Exercise description: A complete, word-for-word restatement of the entries is needed.

Spatial localization data
#####

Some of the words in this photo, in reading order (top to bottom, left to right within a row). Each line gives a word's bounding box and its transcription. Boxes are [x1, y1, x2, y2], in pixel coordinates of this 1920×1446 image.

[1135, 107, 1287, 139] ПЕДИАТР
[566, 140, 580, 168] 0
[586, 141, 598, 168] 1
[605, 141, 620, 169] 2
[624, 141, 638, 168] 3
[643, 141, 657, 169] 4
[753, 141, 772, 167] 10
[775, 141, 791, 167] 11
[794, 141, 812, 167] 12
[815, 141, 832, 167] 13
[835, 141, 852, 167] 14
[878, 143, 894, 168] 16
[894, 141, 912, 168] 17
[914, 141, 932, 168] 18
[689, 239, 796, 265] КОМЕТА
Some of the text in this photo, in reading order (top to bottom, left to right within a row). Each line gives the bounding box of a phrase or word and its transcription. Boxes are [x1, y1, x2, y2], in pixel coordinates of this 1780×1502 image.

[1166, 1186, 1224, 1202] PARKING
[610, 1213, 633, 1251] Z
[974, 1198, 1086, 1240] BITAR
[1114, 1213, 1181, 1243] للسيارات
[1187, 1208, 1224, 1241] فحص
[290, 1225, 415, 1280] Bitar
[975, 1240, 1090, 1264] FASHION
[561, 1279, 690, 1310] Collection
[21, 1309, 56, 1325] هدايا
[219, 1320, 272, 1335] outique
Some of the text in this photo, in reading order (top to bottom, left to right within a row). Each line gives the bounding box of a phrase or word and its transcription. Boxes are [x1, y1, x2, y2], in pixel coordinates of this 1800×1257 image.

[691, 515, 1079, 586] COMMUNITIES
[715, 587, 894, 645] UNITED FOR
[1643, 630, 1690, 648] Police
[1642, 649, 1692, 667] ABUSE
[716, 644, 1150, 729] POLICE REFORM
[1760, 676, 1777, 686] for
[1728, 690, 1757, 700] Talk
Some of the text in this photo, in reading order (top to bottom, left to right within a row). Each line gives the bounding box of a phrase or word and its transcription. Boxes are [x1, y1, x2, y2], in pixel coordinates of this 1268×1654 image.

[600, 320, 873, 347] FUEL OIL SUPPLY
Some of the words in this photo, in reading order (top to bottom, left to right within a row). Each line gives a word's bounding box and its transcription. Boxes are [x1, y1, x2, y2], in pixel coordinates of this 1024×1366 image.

#####

Written answer:
Some of the words in this photo, in reading order (top to bottom, left to right within a row). Each line gives a word's bounding box and its transcription. Boxes are [x1, y1, x2, y2], in pixel coordinates of this 1920×1446 image.

[1135, 107, 1287, 139] ПЕДИАТР
[566, 140, 580, 168] 0
[586, 141, 598, 168] 1
[605, 141, 620, 169] 2
[624, 141, 638, 168] 3
[643, 141, 657, 169] 4
[753, 141, 772, 167] 10
[775, 141, 791, 167] 11
[794, 141, 812, 167] 12
[815, 141, 832, 167] 13
[835, 141, 852, 167] 14
[878, 143, 894, 168] 16
[894, 141, 912, 168] 17
[914, 141, 932, 168] 18
[689, 239, 796, 265] КОМЕТА
Some of the text in this photo, in reading order (top to bottom, left to right within a row). Each line gives the bounding box of a phrase or word and its transcription. Boxes are [x1, y1, x2, y2], in pixel coordinates of this 1780×1502 image.

[1166, 1186, 1224, 1202] PARKING
[610, 1213, 633, 1251] Z
[974, 1198, 1086, 1240] BITAR
[1114, 1213, 1181, 1243] للسيارات
[1187, 1208, 1224, 1241] فحص
[290, 1225, 415, 1280] Bitar
[975, 1240, 1090, 1264] FASHION
[561, 1279, 690, 1310] Collection
[21, 1309, 56, 1325] هدايا
[219, 1320, 272, 1335] outique
Some of the text in this photo, in reading order (top to bottom, left to right within a row). Each line gives the bounding box of a phrase or word and its transcription. Boxes are [x1, y1, x2, y2], in pixel coordinates of this 1800×1257 image.

[691, 515, 1079, 586] COMMUNITIES
[715, 587, 894, 645] UNITED FOR
[1643, 630, 1690, 648] Police
[1642, 649, 1692, 667] ABUSE
[716, 644, 1150, 729] POLICE REFORM
[1760, 676, 1777, 686] for
[1728, 690, 1757, 700] Talk
Some of the text in this photo, in reading order (top to bottom, left to right within a row). Each line gives the bounding box of a phrase or word and its transcription. Boxes are [x1, y1, x2, y2], in pixel coordinates of this 1268×1654 image.

[600, 320, 873, 347] FUEL OIL SUPPLY
Some of the words in this photo, in reading order (top to bottom, left to right within a row). Each line gives a word's bounding box and its transcription. Boxes are [x1, y1, x2, y2], in pixel coordinates of this 1024×1366 image.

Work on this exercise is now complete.